Di Mauro Selis, savonese, si possono dire e scrivere moltissime cose, e tutte positive: psicologo, operatore del Servizio Dipendenze della ASL a Finale Ligure, pallanuotista, persona che conduce uno stile di vita “sano”.
Ma forse, più di ogni altra cosa, Selis è un grande appassionato e intenditore di musica di qualità, di molti generi diversi. La musica, si sa, è uno dei massimi specchi dell’anima: nelle sue melodie e nei suoi testi si riflettono infatti le nostre emozioni, i nostri ricordi, talvolta persino le nostre paure. Grazie alla sua duplice competenza in materia psicologica (per mestiere) e musicale (per passione), Mauro Selis spesso ha scritto articoli o tenuto incontri e dibattiti nei quali tracciava parallelismi tra canzoni e problematiche dell’anima. Ma non è tutto: da poche settimane, infatti, lo psicologo savonese ha scritto il testo di questa canzone, “Come posso dirti”, nella quale affronta con molto tatto, dolcezza e sensibilità il tema dell’alcolismo.
Per la parte musicale, Mauro Selis ha potuto contare sulla stretta collaborazione di alcuni artisti che non soltanto sono suoi sinceri amici da tempo, ma sono anche delle figure importanti della scena musicale italiana di ieri e di oggi.
Il chitarrista Marcello Capra negli anni ’70, con i suoi Procession ha esplorato trame a cavallo tra il progressive rock e le tinte più hard. Successivamente ha collaborato con diversi cantautori italiani, tra cui Enzo Maolucci, ed oggi è apprezzato sia come chitarrista acustico in esibizioni da solo sia con la formazione dei Glad Tree.
La cantante Silvana Aliotta con i suoi Circus 2000 negli anni ’70 fu la prima a introdurre in Italia le magiche atmosfere psichedeliche della West Coast americana, sulla scia di gruppi come i Jefferson Airplane. A partecipato a festival importanti, da Castrocaro a Un disco per l’estate, ha collaborato con nomi come Edoardo Bennato, Shel Shapiro, Banco del Mutuo Soccorso e recentemente è stata ospite del programma “Le ragazze”, sulla Rai, nel quale ha ripercorso gli anni del rock con i Circus 2000 e quelli della discomusic con Le Streghe.
Il tastierista Danilo Ballo ha diviso spesso il palco con i Pooh e con i progetti solisti di Robi Facchinetti ed è uomo-immagine di case produttrici di tastiere di prestigio internazionale, per le quali fa dimostrazioni e seminari nell’ambito di importanti fiere della musica in tutto il mondo.
Il risultato di questo “cocktail”, la canzone “Come posso dirti”, è suggestivo: un brano con momenti di grande tensione e altri più aperti e rilassati, nei quali convivono le nobili tradizioni italiane del rock progressivo e del cantautorato di qualità.

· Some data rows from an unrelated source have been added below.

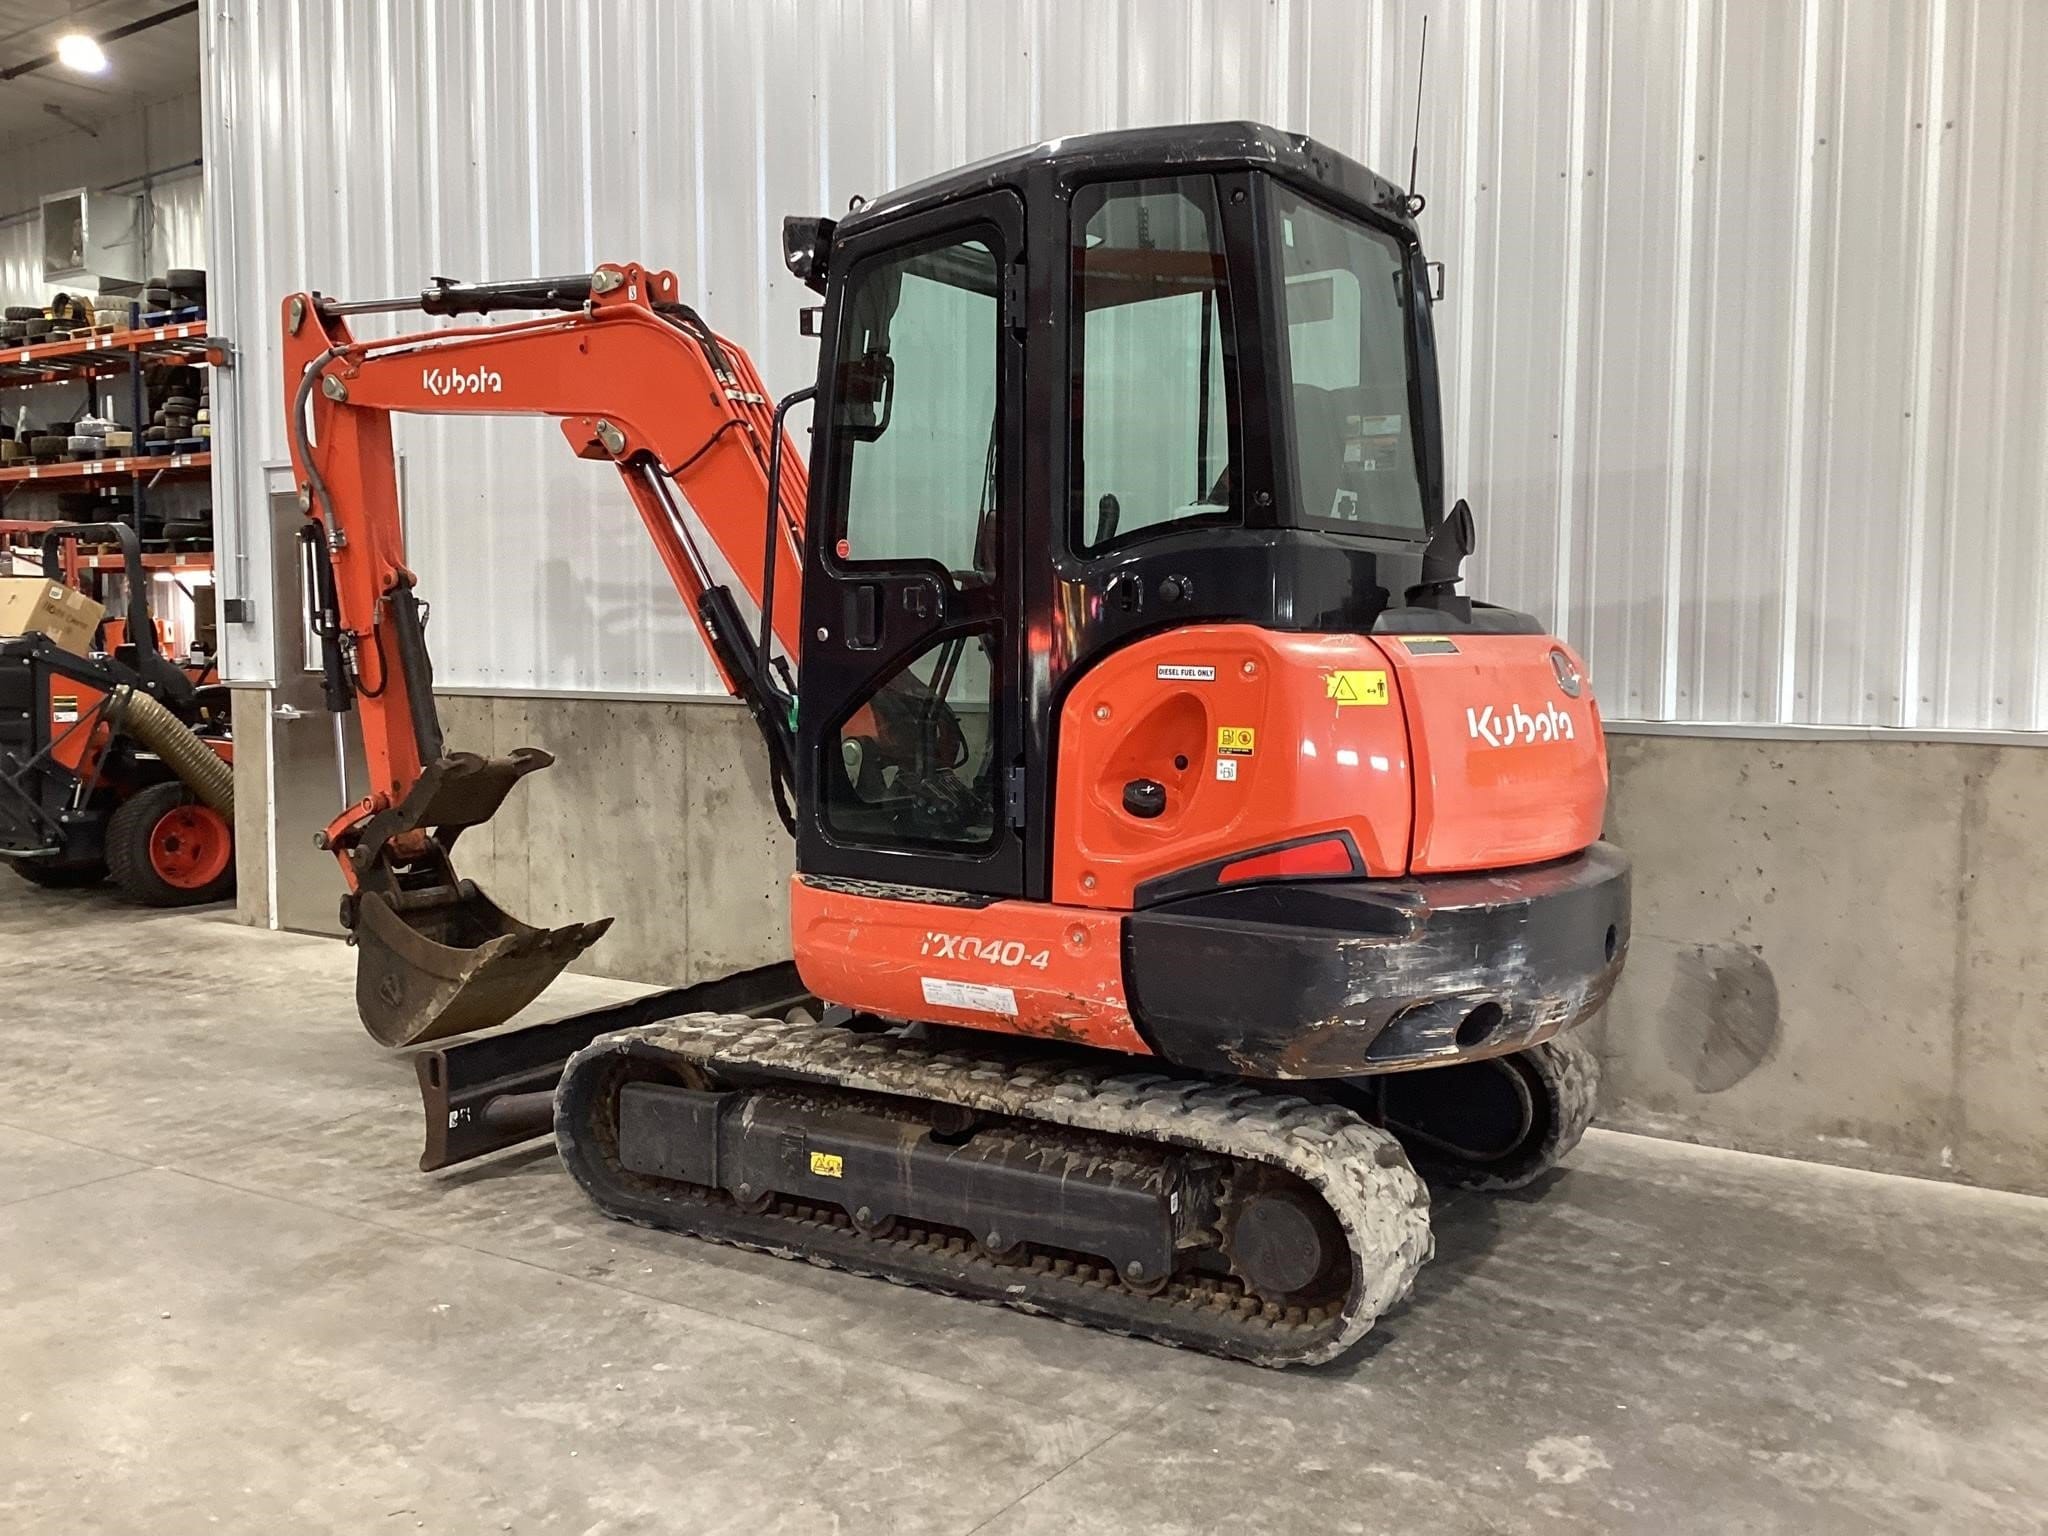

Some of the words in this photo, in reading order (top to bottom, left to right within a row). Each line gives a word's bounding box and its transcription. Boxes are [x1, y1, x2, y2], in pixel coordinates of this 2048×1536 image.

[423, 365, 502, 396] Kubota
[1158, 668, 1180, 676] DIESEL
[1181, 668, 1196, 677] FUEL
[1197, 669, 1214, 677] ONLY
[1466, 700, 1575, 747] Kubota
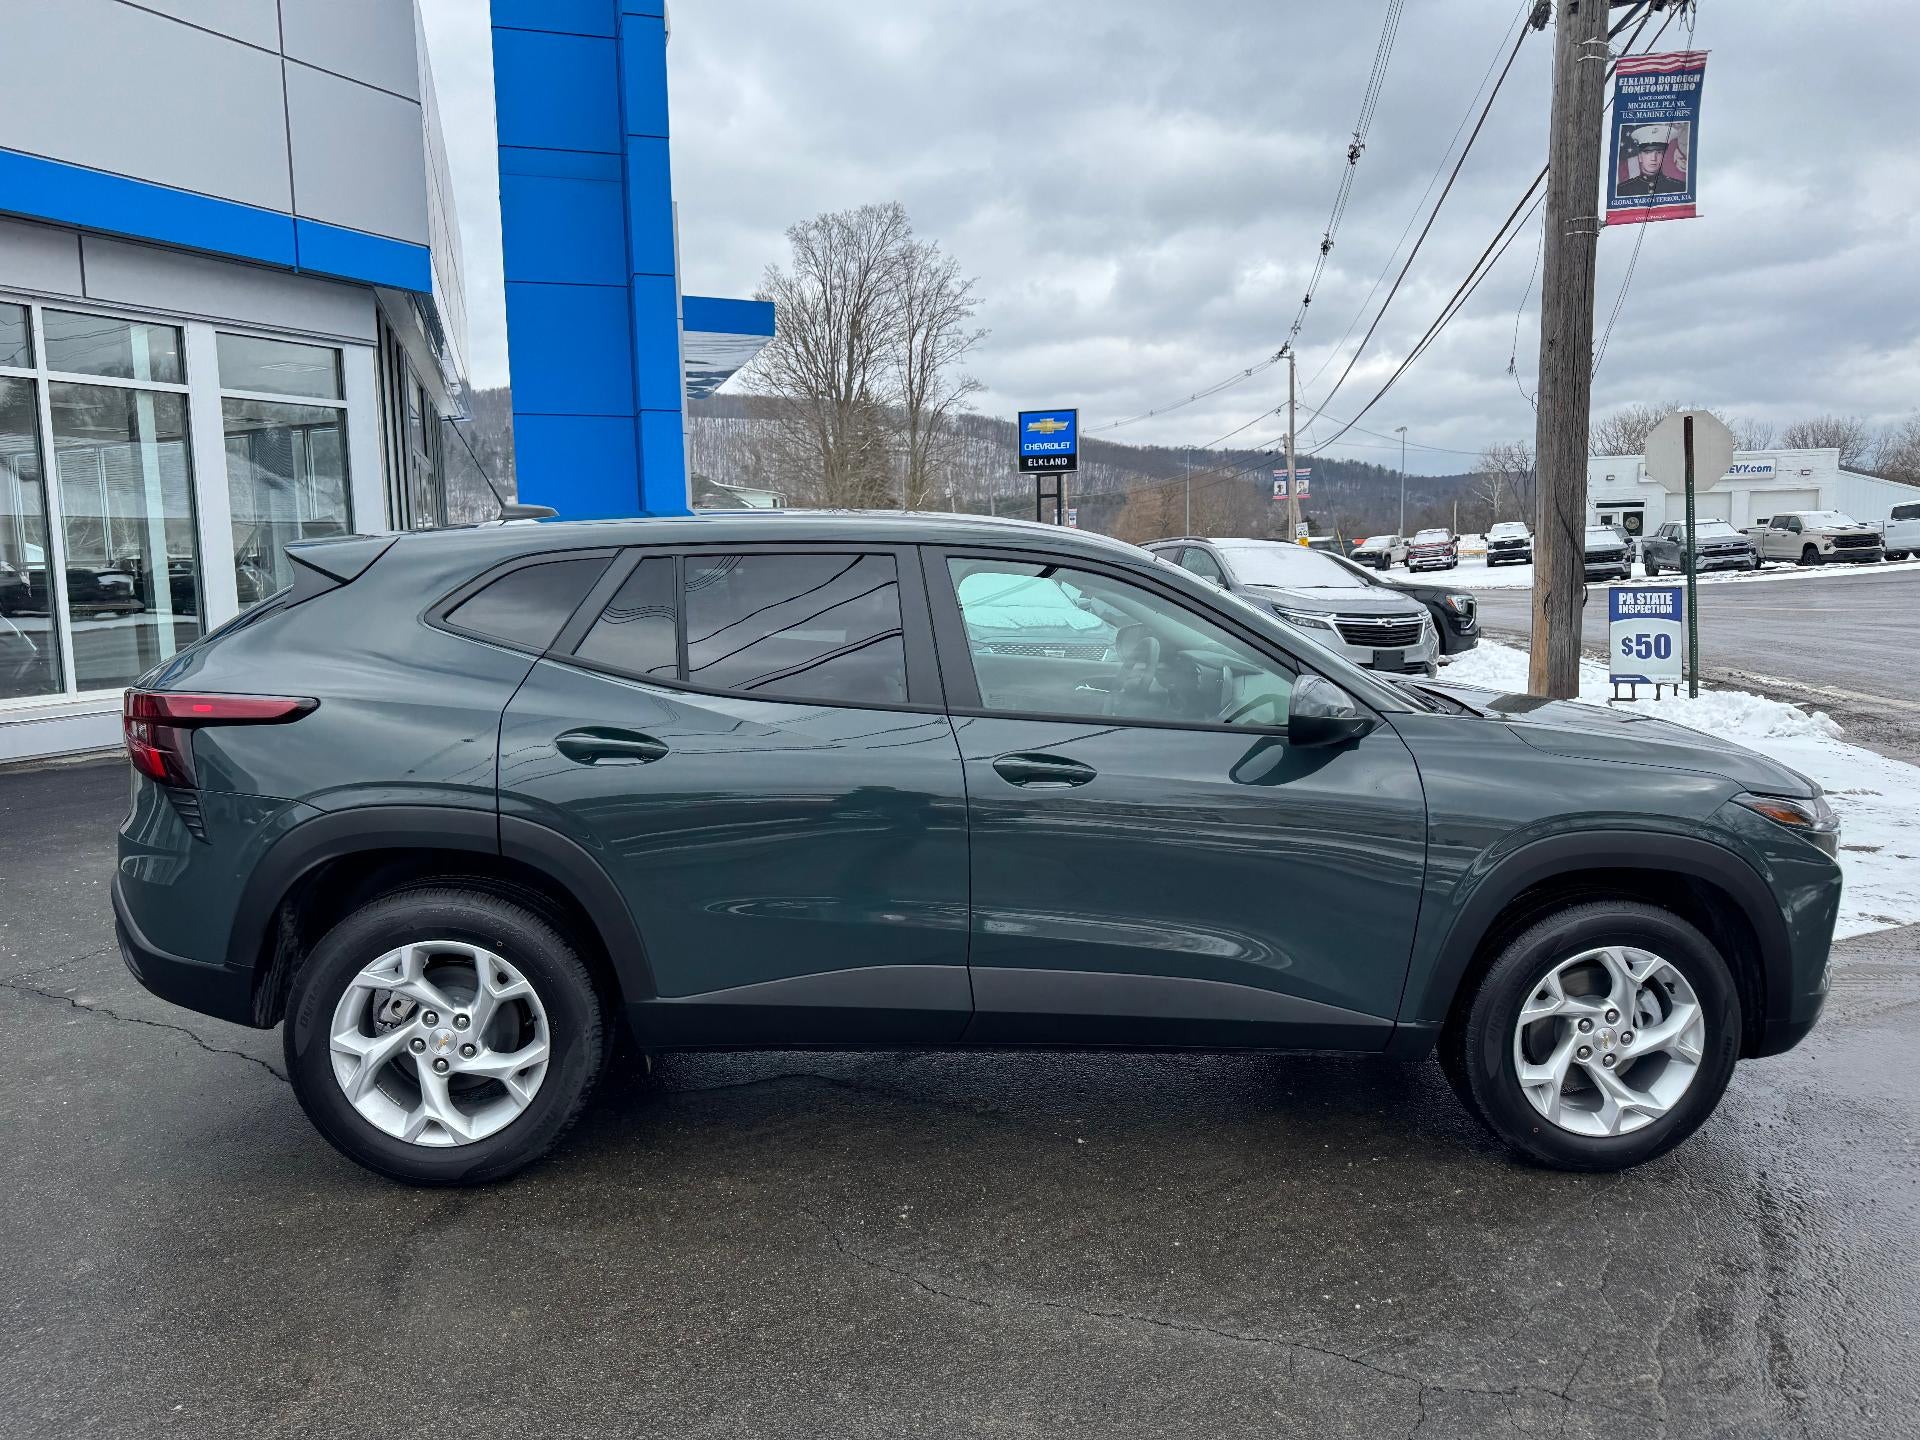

In realtà Mauro Selis aveva già collaborato con il duo Capra/Aliotta, scrivendo insieme a loro il brano “Aspettando jackpot”, nel quale si affrontava il tema dell’azzardopatia. A tal proposito, lo psicologo savonese sconsiglia il termine comunemente in uso di “ludopatia”, perché l’aspetto ludico di una cosa sottintende giocosità, mentre qui sono “in gioco” (appunto) le vite di persone che arrivano a perdere la casa e gli affetti per colpa di un azzardo.
Insomma: Mauro Selis, con la collaborazione di eccellenti musicisti, ha saputo trasformare la sua specializzazione professionale in poesia, veicolando messaggi di importante valore sociale attraverso un mezzo fruibile a tutti e sempre emozionante come la musica.